Language development is a process which takes place from the very early life and in most instances, the stages of its development can be predicted and therefore re-enforced or evaluated for various needs. The developmental stages in relation to the receptive language development (ability to listen and understand) and expressive language development (ability to speak and use language) will have varied maturity levels and therefore should be considered separately when trying to understand the different stages of language development in children.

Developmental stages of ‘receptive language development’ in children:

The receptive language development seems to start at birth and this is apparent due to the fact that, newborn babies cry in response to unexpected noises. It means that, the babies are listening to their surrounding and what people talk, the noises made and its intensity can make an effect even in the newborn.

During the first three months, the baby will learn to turn towards the person speaking as well as smile when they hear a voice. They will increasingly show awareness to familiar voices while unfamiliar voices will also be listened to by being still.

In the next couple of months, from 4th to the 6th month, the babies will show an increased responsiveness towards voice, its tone as well as other noises such as the ones emanating from toys. They will show interest and apprehension when they hear a new noise.

During the months leading up to one year, the baby will start to listen when spoken to and will respond by turning and looking at the parents face when called by name. At the same time, babies between the age of 7 months and 1 year will recognize words such as ‘daddy’, ‘car’, ‘eyes’…etc and will also respond to simple requests or questions in their own way.

During the stage from the first year birthday to the second, children will grow to understand simple questions and following simple instructions while they will also be able to point to a picture book and to body parts when named. They will develop an increasing interest to listen to simple stories and rhymes while they like to listen to the same thing over and over again for a lengthy period.

During the 2nd to 3rd year, the toddlers will begin to understand two stage commands while they are now able to contrast between concepts such as hot and cold.

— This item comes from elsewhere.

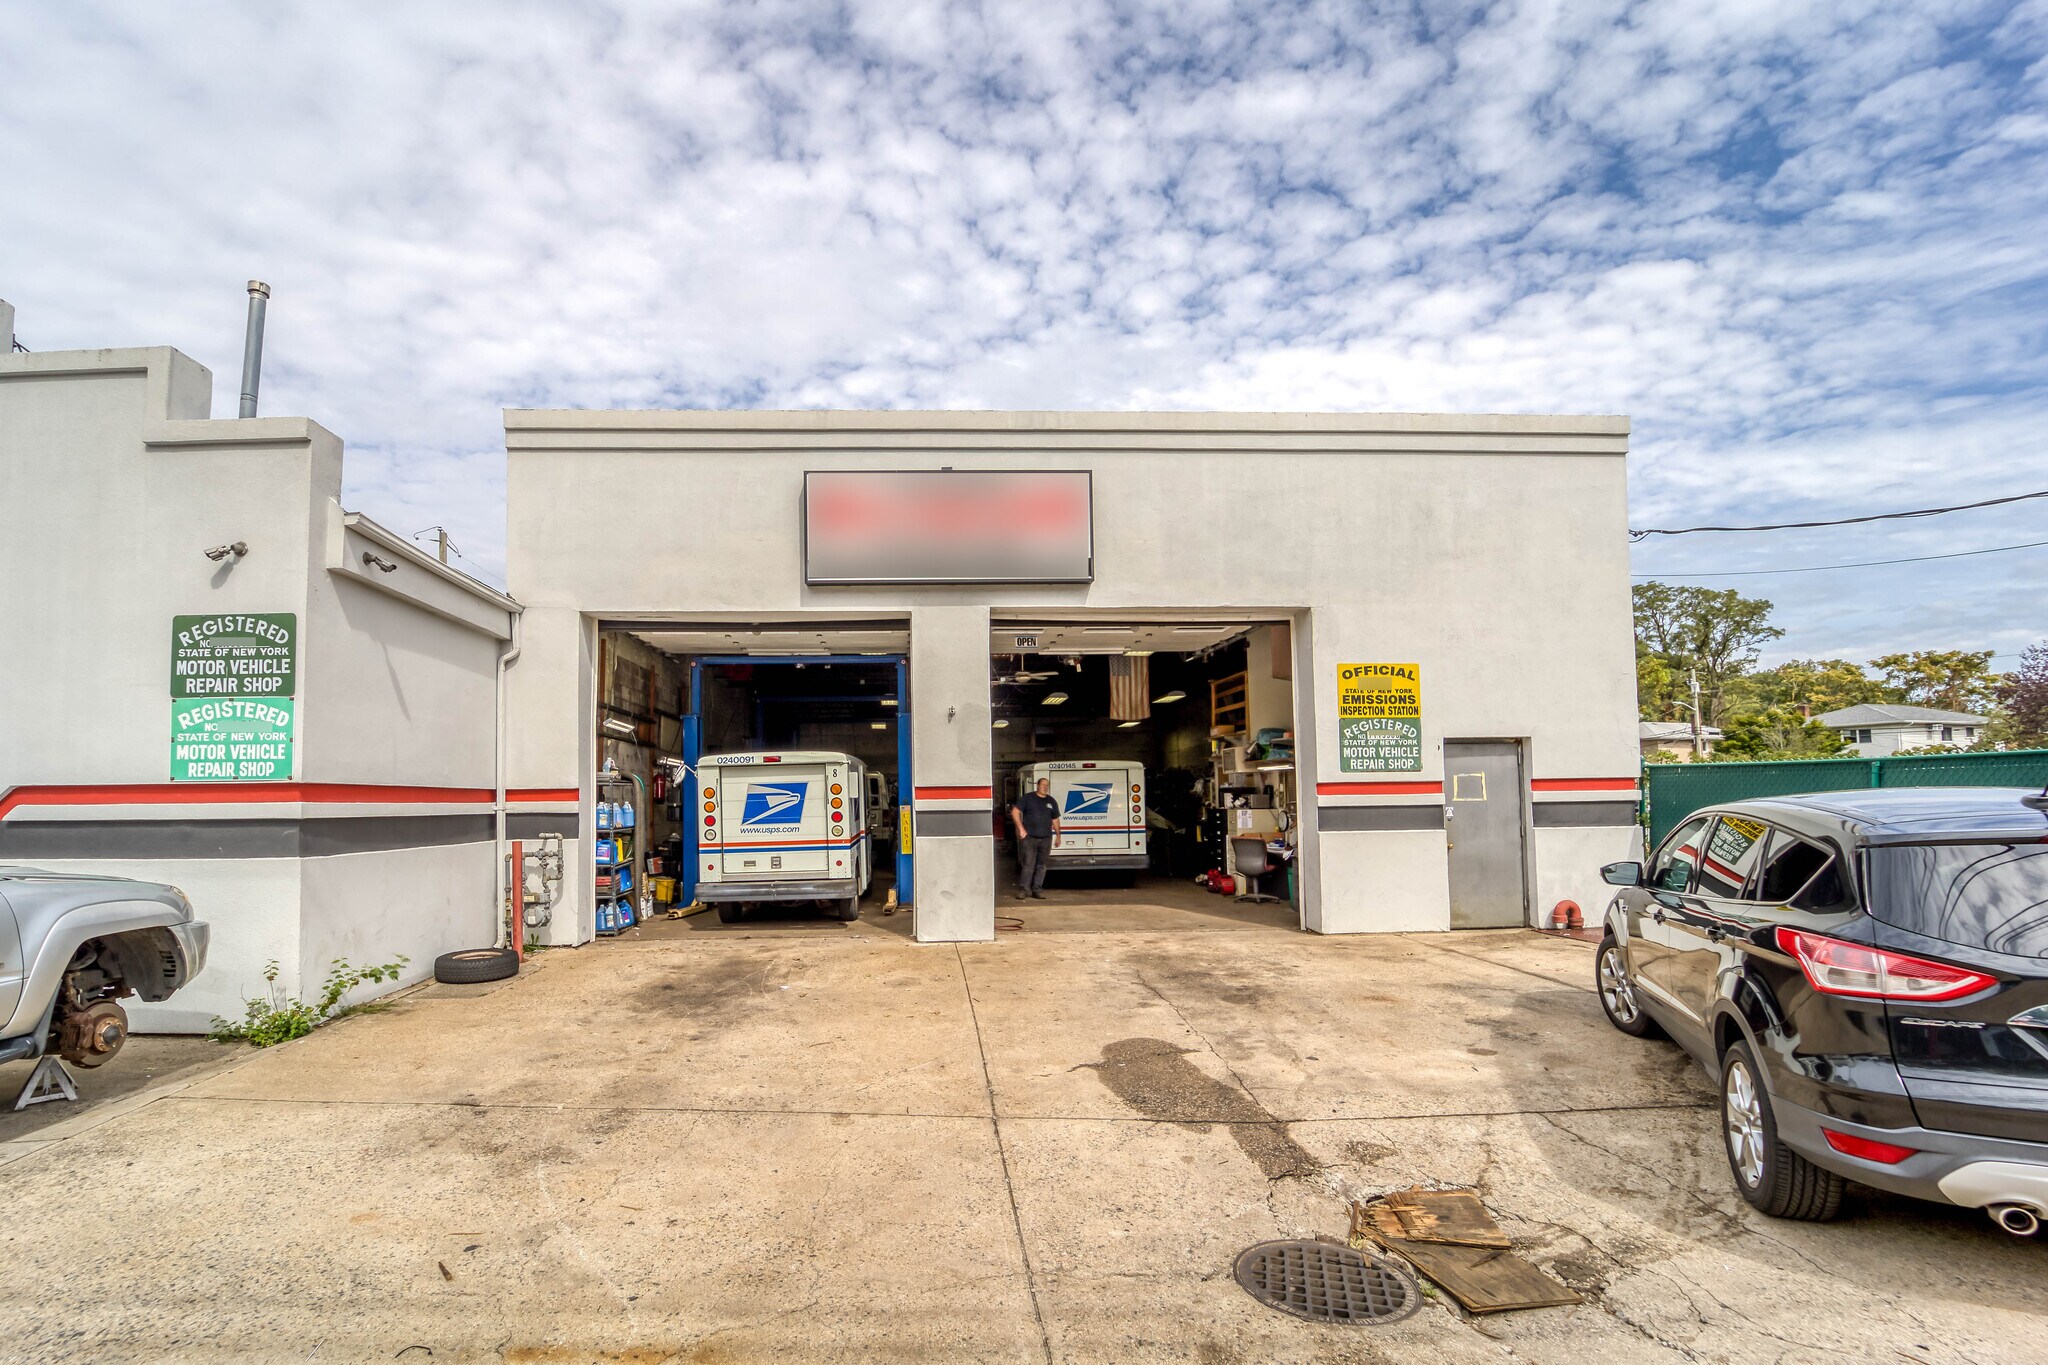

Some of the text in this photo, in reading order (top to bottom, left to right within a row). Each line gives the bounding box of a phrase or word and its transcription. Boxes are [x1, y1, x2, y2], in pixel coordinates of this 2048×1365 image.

This is the time period where the child starts to answer the telephone when it rings and opens the door as the door bell rings.

After the 3rd year, the child will start understanding the meaning of who, what and where questions along with having a far distant hearing range than what they had earlier. Further from this age, the child will develop the ability to understand almost anything that they were told including the meanings of stories and will have the ability to describe them to a certain extent.

Developmental stages of ‘expressive language development’ in children:

As with receptive language development, the expressive language development will also start from birth itself and this is understandable when hearing the sounds made by a newborn baby in response to pleasure or pain.

Crying will be one of the main modes of communication in the next couple of months as different situations will warrant different types of cries. At the same time, babbling noises or pre-linguistic noises will be heard when the baby is content. The babbling noises will grow up to the age of about 7 months and closer to this age the baby will make use of babbling noises to tell the parents something or to demand certain things. Adding consonant sounds will start to happen by about 5 months and these will include sounds such as ba-ba, ma-ma, and da-da.

Between 7th to 12th month, the baby will be able to add more consonants to the voice along with short and long vowels. The first words of the baby will also appear during this time and these can include words such as ‘mama’, bye bye’…etc.

During the months leading up to the babies second birthday, he or she will acquire more and more words and they will now be able to combine two words and ask questions as well as to make sentences. Gradually, the words will start to appear clear.

By the 2nd and 3rd year, the child will be able to utter one to three word sentences and will have enough words to drive everyone mad. The speech is understandable to the family and it is possible to recognize how the child now starts to mention attributes of a certain object or an item such as in the case of expressive the size of the elephant by saying, ‘big elephant’.

Gradually the child will start expressive multi word sentences with a subject and a predicate which will further evolve in the next couple of years and by the age of 4 to 5 the child will be able to construct long and detailed sentences and express short stories to the listeners.